## What the task requires
Present an exact copy of each line below.
»»
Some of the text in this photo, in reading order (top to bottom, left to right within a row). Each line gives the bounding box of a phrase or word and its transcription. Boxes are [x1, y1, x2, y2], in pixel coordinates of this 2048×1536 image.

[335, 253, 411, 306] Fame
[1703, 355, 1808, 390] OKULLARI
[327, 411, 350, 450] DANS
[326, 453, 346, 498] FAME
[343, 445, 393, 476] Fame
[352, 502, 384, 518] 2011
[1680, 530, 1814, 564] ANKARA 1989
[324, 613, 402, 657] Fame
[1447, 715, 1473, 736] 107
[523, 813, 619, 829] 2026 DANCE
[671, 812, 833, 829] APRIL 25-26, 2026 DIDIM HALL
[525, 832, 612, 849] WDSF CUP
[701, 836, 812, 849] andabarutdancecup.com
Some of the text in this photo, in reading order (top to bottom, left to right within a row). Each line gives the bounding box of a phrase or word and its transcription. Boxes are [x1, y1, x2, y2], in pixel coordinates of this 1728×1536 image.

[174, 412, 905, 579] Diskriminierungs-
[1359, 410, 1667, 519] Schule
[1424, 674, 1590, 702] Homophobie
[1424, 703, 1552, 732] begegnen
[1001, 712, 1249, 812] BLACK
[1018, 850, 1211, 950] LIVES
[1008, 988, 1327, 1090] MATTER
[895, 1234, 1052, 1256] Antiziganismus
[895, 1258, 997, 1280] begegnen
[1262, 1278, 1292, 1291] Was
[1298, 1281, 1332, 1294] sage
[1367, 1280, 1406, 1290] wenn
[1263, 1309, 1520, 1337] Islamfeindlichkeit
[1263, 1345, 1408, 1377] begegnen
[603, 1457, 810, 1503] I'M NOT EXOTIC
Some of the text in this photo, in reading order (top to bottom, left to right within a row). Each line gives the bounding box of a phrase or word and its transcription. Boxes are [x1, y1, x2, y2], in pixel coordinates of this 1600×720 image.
««
## Answer box
Some of the text in this photo, in reading order (top to bottom, left to right within a row). Each line gives the bounding box of a phrase or word and its transcription. Boxes are [x1, y1, x2, y2], in pixel coordinates of this 2048×1536 image.

[335, 253, 411, 306] Fame
[1703, 355, 1808, 390] OKULLARI
[327, 411, 350, 450] DANS
[326, 453, 346, 498] FAME
[343, 445, 393, 476] Fame
[352, 502, 384, 518] 2011
[1680, 530, 1814, 564] ANKARA 1989
[324, 613, 402, 657] Fame
[1447, 715, 1473, 736] 107
[523, 813, 619, 829] 2026 DANCE
[671, 812, 833, 829] APRIL 25-26, 2026 DIDIM HALL
[525, 832, 612, 849] WDSF CUP
[701, 836, 812, 849] andabarutdancecup.com
Some of the text in this photo, in reading order (top to bottom, left to right within a row). Each line gives the bounding box of a phrase or word and its transcription. Boxes are [x1, y1, x2, y2], in pixel coordinates of this 1728×1536 image.

[174, 412, 905, 579] Diskriminierungs-
[1359, 410, 1667, 519] Schule
[1424, 674, 1590, 702] Homophobie
[1424, 703, 1552, 732] begegnen
[1001, 712, 1249, 812] BLACK
[1018, 850, 1211, 950] LIVES
[1008, 988, 1327, 1090] MATTER
[895, 1234, 1052, 1256] Antiziganismus
[895, 1258, 997, 1280] begegnen
[1262, 1278, 1292, 1291] Was
[1298, 1281, 1332, 1294] sage
[1367, 1280, 1406, 1290] wenn
[1263, 1309, 1520, 1337] Islamfeindlichkeit
[1263, 1345, 1408, 1377] begegnen
[603, 1457, 810, 1503] I'M NOT EXOTIC
Some of the text in this photo, in reading order (top to bottom, left to right within a row). Each line gives the bounding box of a phrase or word and its transcription. Boxes are [x1, y1, x2, y2], in pixel coordinates of this 1600×720 image.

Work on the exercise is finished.